We also like tabloids. They’re fun.
Our main problem with the Sun’s piece is its all-too-common mode of argument. While essentially stating that correlation does not establish causality, the editorial goes on to do just that. In this case, the facts marshaled are that the U.S. unemployment rate was lower on average during the Bretton Woods fixed-exchange rate regime (from 1947 to 1971) than since.
It isn’t much of a challenge to find phenomena that are correlated with either secular or cyclical movements in economic activity. For example, sunspots appeared far more frequently during the Bretton Woods period (85 per month) than after (63 per month). Sunspots are those seemingly darker areas on the sun that are actually cooler regions of intense magnetic activity (for details, see here). Did the fixed-exchange rate regime have such cosmic influence?
How about spurious cyclical patterns? The following picture is our entry into the post hoc, ergo propter hoc U.S. business-cycle sweepstakes. [The Latin term is a common logical fallacy (y followed x in time, so x caused y) that is a frequent issue in economics.] The gray bars denote recessions as dated by the NBER. The left edge of each bar is the peak of a cycle, while the right edge is the trough. We have plotted this along with the monthly sunspot count. (You can read about sunspot cycles here. Ironically, economists use the term sunspot to refer to a phenomenon that is both random and completely arbitrary.)
Number of Sunspots
From 1950 to 2014 there have been 10 recessions – that is, 10 instances of business-cycle peaks followed by troughs. As it happens, in six of these 10 cases, economic slowdowns coincided with high levels of sunspot activity. Granted, a 60% success rate isn’t so great, but it isn’t bad, either. Anyone who can get recession timing right that frequently would be hailed as an economic oracle.

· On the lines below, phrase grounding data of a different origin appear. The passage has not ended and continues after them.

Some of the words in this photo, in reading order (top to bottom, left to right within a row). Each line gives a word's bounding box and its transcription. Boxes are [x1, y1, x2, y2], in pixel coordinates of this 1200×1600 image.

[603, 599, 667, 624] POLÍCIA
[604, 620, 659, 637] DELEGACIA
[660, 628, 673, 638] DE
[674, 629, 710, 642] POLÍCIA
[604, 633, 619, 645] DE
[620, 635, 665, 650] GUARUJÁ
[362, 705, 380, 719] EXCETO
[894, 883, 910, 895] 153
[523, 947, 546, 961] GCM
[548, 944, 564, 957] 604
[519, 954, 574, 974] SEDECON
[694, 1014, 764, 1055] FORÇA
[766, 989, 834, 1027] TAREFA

To continue, we can compare sunspot activity as a business cycle predictor to the predictive power of the stock market – something that truly is connected to the real economy. We find that 12-month declines in the S&P500 index anticipate more than 1.5 recessions for each one that occurred over this 65-year period (see chart). That is, sunspots have a problem with false negatives – they miss nearly half the recessions – while the stock market’s problem is false positives (it anticipates recessions that didn’t occur).
S&P500 Index (Percent change from a year ago)

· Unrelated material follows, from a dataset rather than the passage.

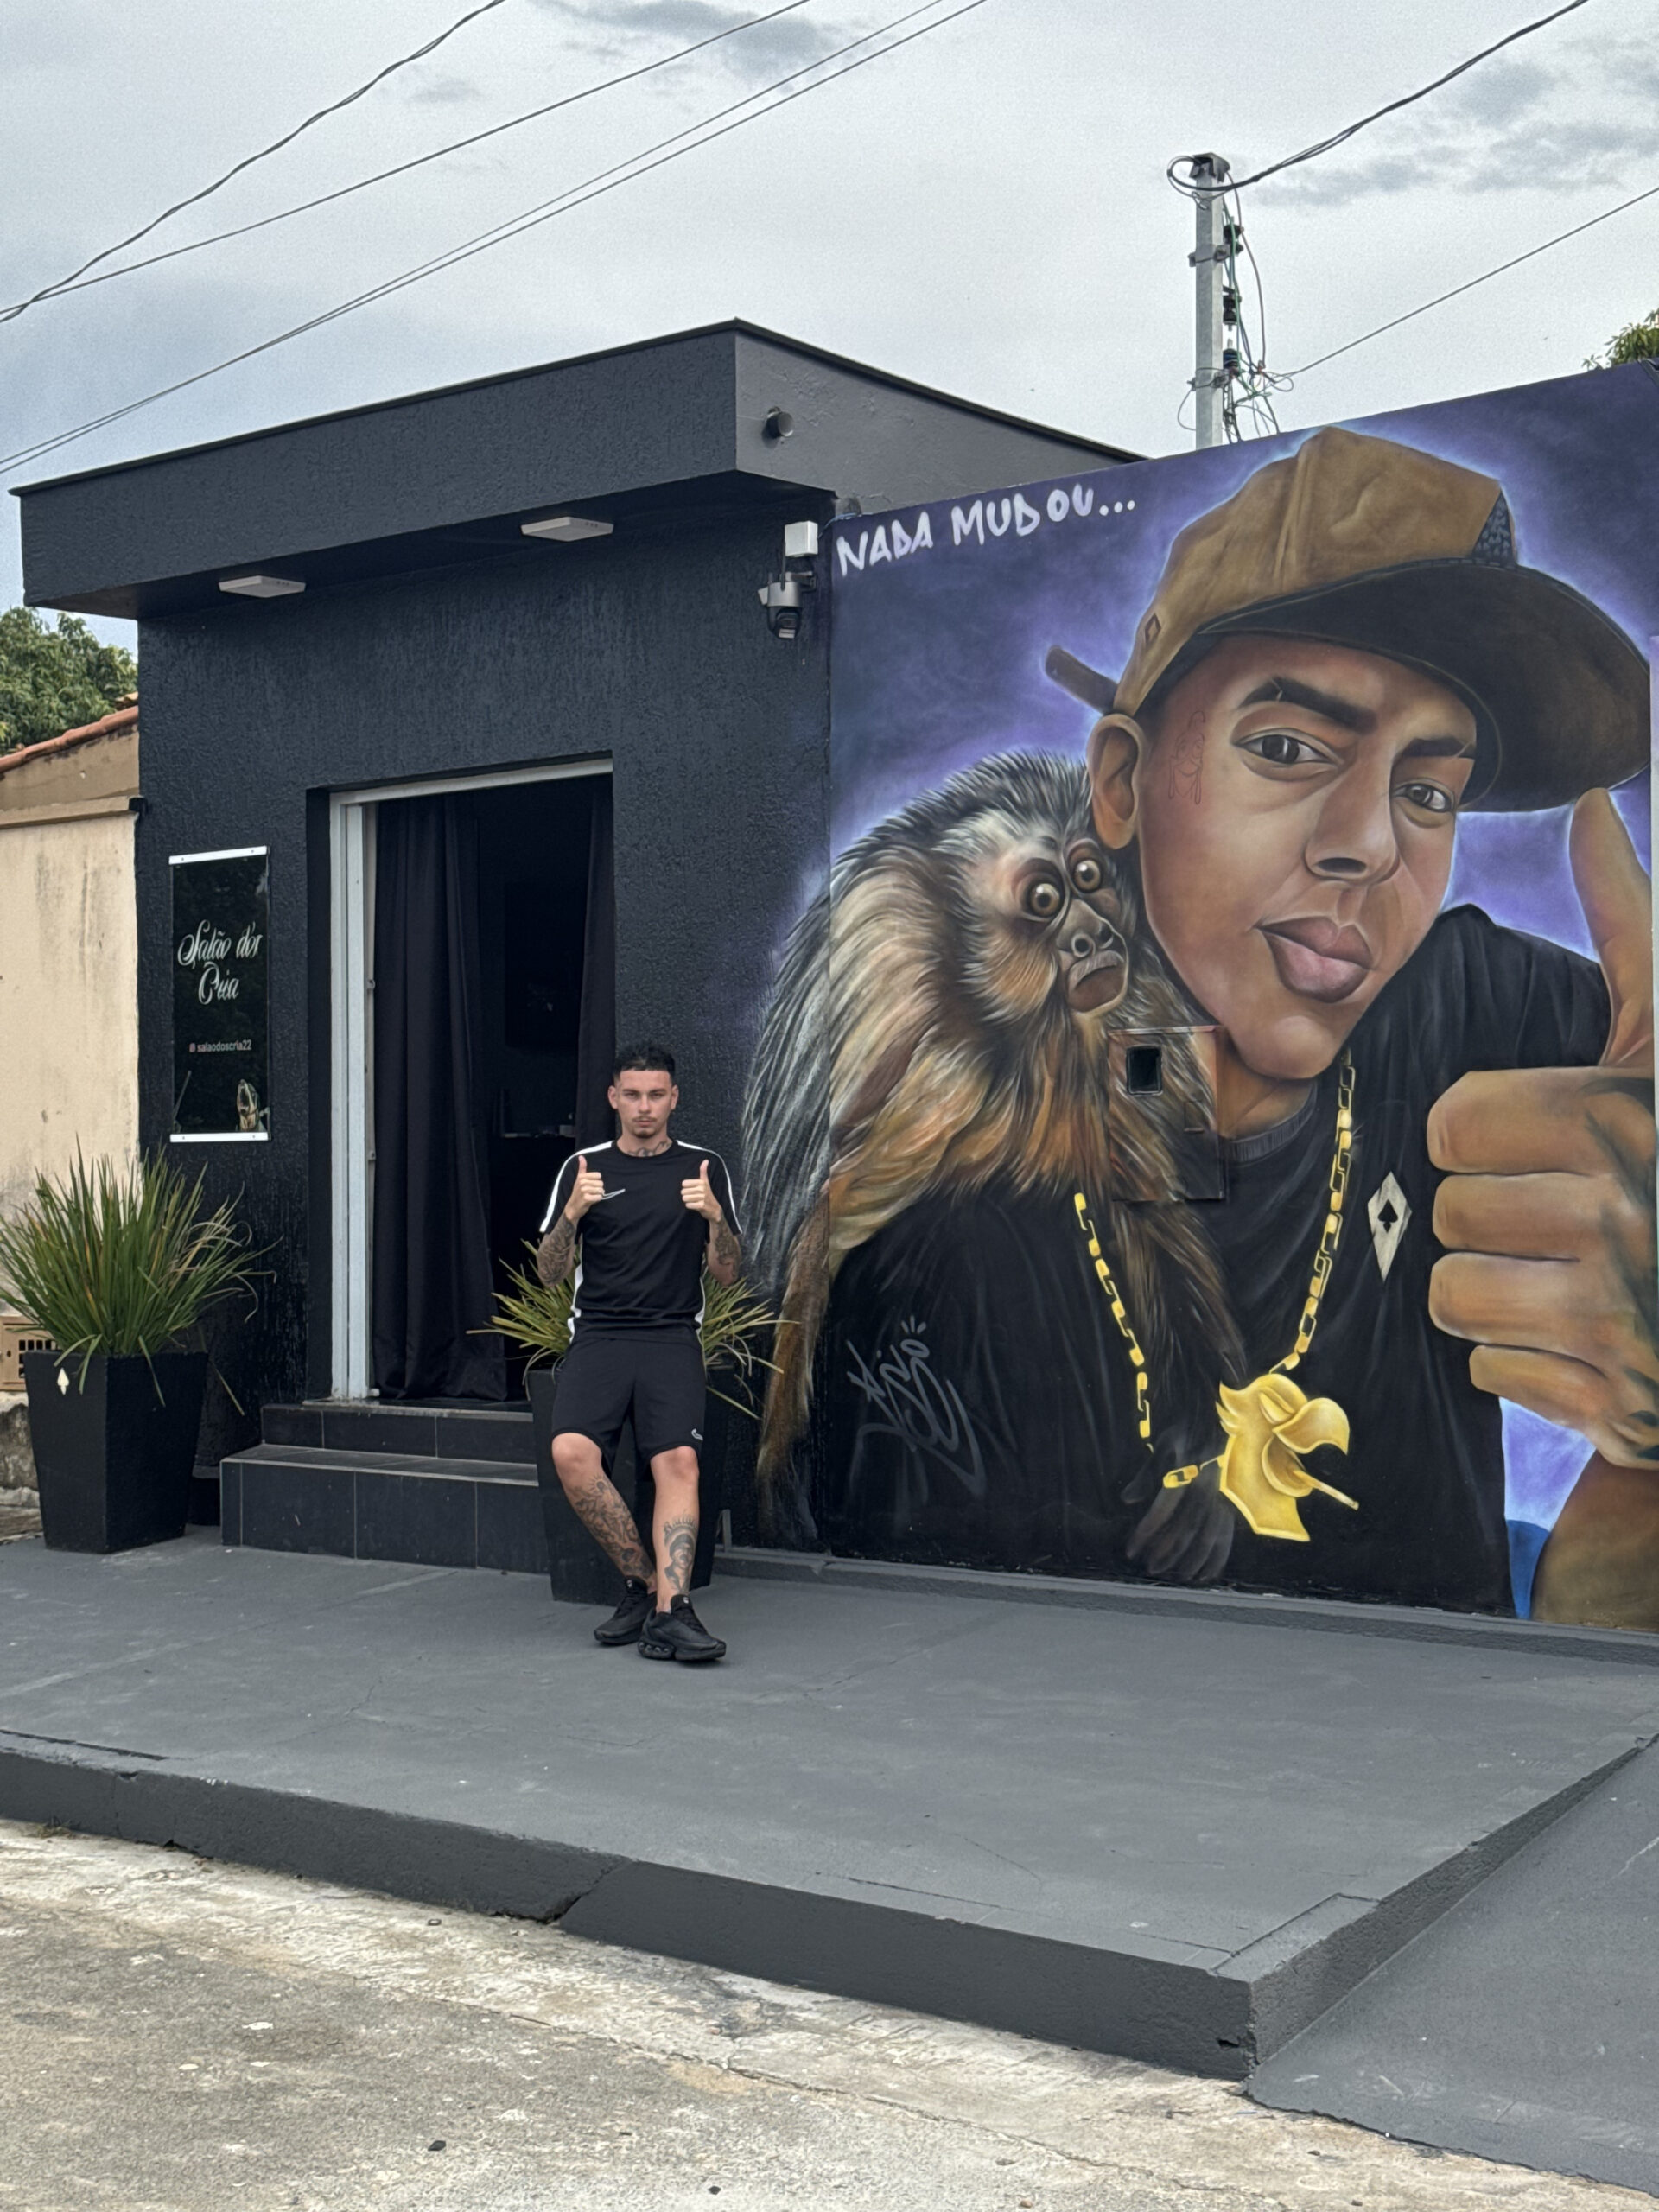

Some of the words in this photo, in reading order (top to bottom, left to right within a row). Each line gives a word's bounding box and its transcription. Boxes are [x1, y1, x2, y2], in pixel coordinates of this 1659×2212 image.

[836, 512, 933, 576] NADA
[177, 919, 232, 969] Salão
[199, 961, 239, 1005] Cria

What are we to make out of all of this? People are programmed to look for patterns. It’s crucial to our survival that we have the ability to find patterns and deduce cause and effect in our surroundings. But the hardwiring that serves us well when we are managing the mundane daily tasks of eating or crossing the street, has an important shortcoming. We tend to err on the side of seeing patterns where none exist. And, with the advent of fields like data analytics – the study of enormous, ostensibly disorganized masses of numbers – we now have more places to look and bigger, faster computers to help us do the looking.
In a post earlier this year, we expressed doubt that big data would materially improve our measurement of GDP. Here, our concern is with the mechanical hunt for correlations. Given the sheer amount of data and computing power that we now have at our finger tips, finding things that move around together will be even easier than it used to be (when it wasn’t much of a challenge). The trick is to find correlations that are durable because they reflect economic fundamentals like technology, physical endowments, and preferences. Doing that means having a theory for why various data should be related.

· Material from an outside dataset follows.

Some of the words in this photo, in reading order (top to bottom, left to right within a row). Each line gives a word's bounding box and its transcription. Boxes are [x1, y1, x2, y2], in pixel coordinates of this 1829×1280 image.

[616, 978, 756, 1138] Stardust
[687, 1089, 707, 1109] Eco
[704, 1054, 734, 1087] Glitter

Perhaps a few of the correlations revealed by big data will result in new and useful theories. That is the hope. The danger is that people will end up relying on spurious relationships – like thinking that they need to consult astronomers to forecast business cycle downturns. Some astronomers may be good economic forecasters (one of us is an avid stargazer), but if they are, it’s not because they are looking through a telescope to count sunspots.